It feels like it’s ages away. Some days you can’t wait to get there and other days you find yourself realizing it’s closer than you think. For most of us, retirement is our end goal. We work and work away, knowing that one day, we won’t have to anymore. But no work also means no income. That’s why it’s important to start thinking about retirement as early as possible.

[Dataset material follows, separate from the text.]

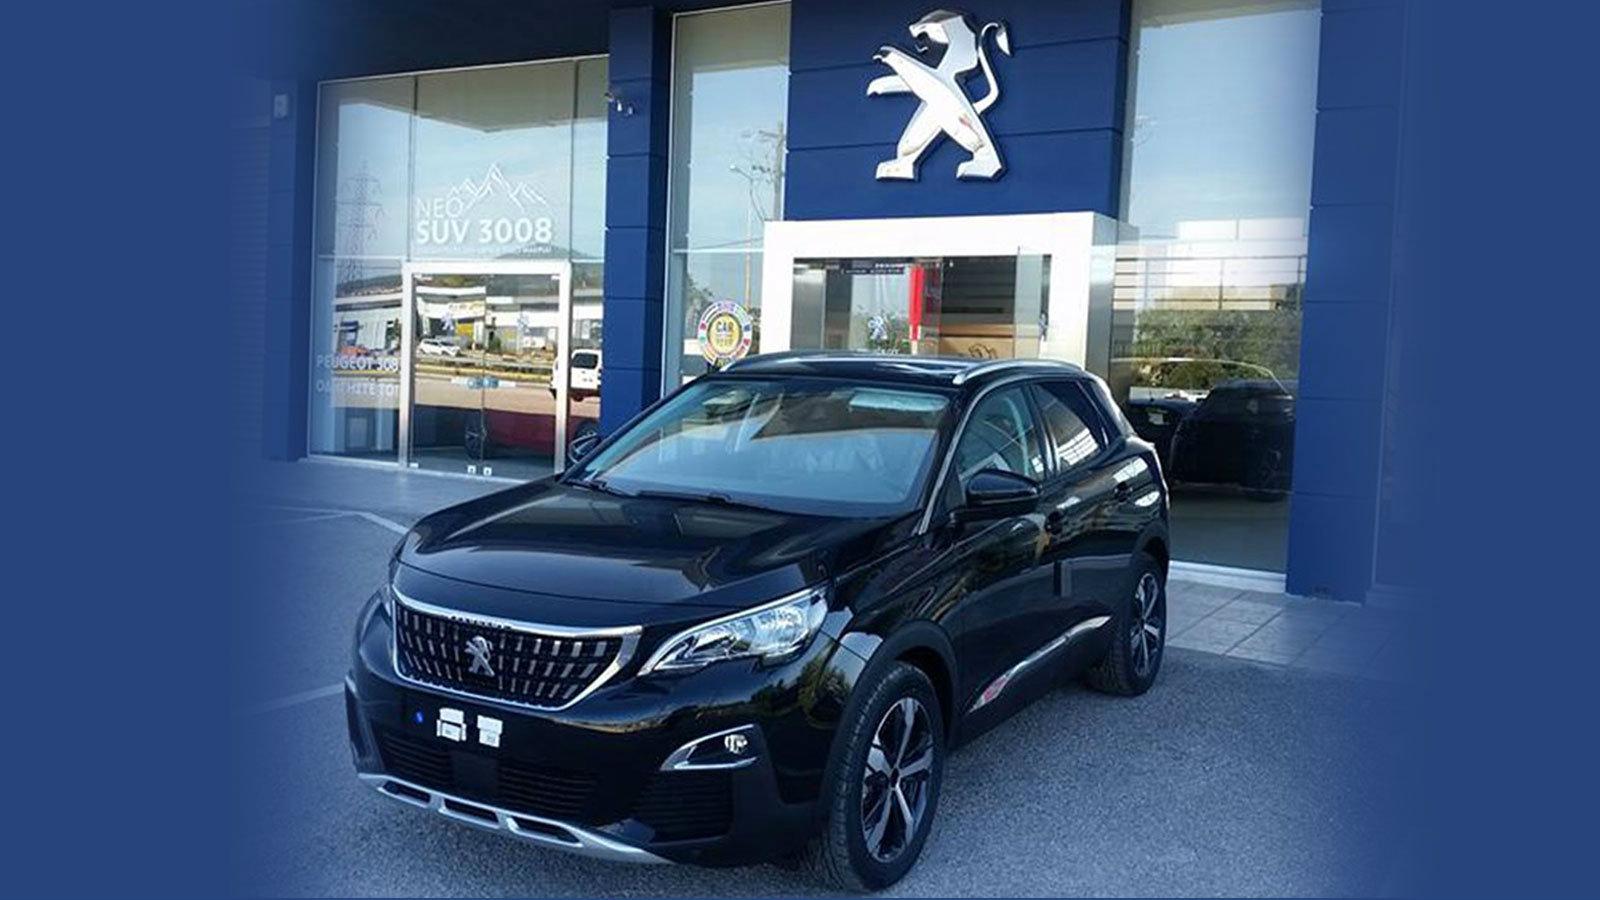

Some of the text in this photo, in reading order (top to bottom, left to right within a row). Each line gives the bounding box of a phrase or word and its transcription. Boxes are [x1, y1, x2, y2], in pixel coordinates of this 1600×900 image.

No matter what phase of life you’re in, you can start building your retirement fund. We’ve put together a few tips to help you get started.
Establish Your Goal
It’s hard to save money if you’re not sure how much you want to save. To successfully build a retirement fund, you’ll need to sit down and write out your goals. Calculate how much you want to have saved for retirement and figure out where your current savings and income lie in comparison. Knowing how much you need to save will allow you to set smaller savings goals along the way, such as saving x amount each month. A common rule of thumb is saving 15% of your monthly income for retirement.
Utilize Your 401(k)
If you’re eligible for a traditional 401(k) plan through your employer, take advantage of it. This is one of the easiest ways to start adding money to your retirement fund. Traditional 401(k)s allow you to contribute a certain percentage of your paycheck into your account before taxes are deducted from your wage. The taxed income you receive will already have your 401(k) contribution deducted. Most employers will also match the amount you contribute to the account. For example, if you contribute 5% of a $60,000 salary ($3,000), your employer will also contribute $3,000. The rules for this may vary from one company to another, so it’s important to ask your employer about its normal contributions. To learn more about the 401(k), click here.
Invest Your Money
Stocks, bonds, mutual funds, properties . . . the list goes on and on. You’ll have plenty of opportunities to invest your money over the years, some at higher or lower levels of risk and return than others. The good news: you get to choose the type of investment you’re most comfortable with. Investments can be risky, but worth it if they’ll earn you even more money, and you’ll be able to contribute the extra to your retirement fund. If you don’t know where to start, consider speaking with an investment professional to help you make a well-educated decision.
Evaluate Your Budget
Do you have room to cut some expenses? Think about your monthly subscriptions – which ones do you use and which ones could you lose? Maybe it’s time for you to downsize your home or move to a cheaper apartment. Take some time to brainstorm the ways you could trim your monthly budget. Instead of spending the money you have left over, allocate the savings to your retirement fund. The benefit of saving this way is that you’re used to spending this amount of money, so you shouldn’t have any added financial strain. Your overall monthly budget will stay the same – but your future self will thank you.
Incorporate Your Passions
Work doesn’t always have to feel like work. If you have a special talent or creative passion, there’s a chance you could make some money at it! Some small towns have locally-owned businesses that allow artists and other creatives to sell what they create. Talented musicians can often make an extra buck by performing at events and accompanying other performers. A lot of sole proprietors have been able to build lucrative businesses by honing in on their skills and passions. Even if you don’t feel like you’re the most creative, there are plenty of ways to make an extra buck! Sign up to drive for rideshare or food delivery, babysit on your days off, or pick up a second part-time job if you’re needing some extra cash. You can put the extra money you make in your retirement fund without sacrificing your full-time income.
Saving money now is essential to securing a great future for yourself when your working days are over. If you take some of these ideas and stick to your plan, you’ll be able to watch your retirement fund grow over time. Use these tips to get started today!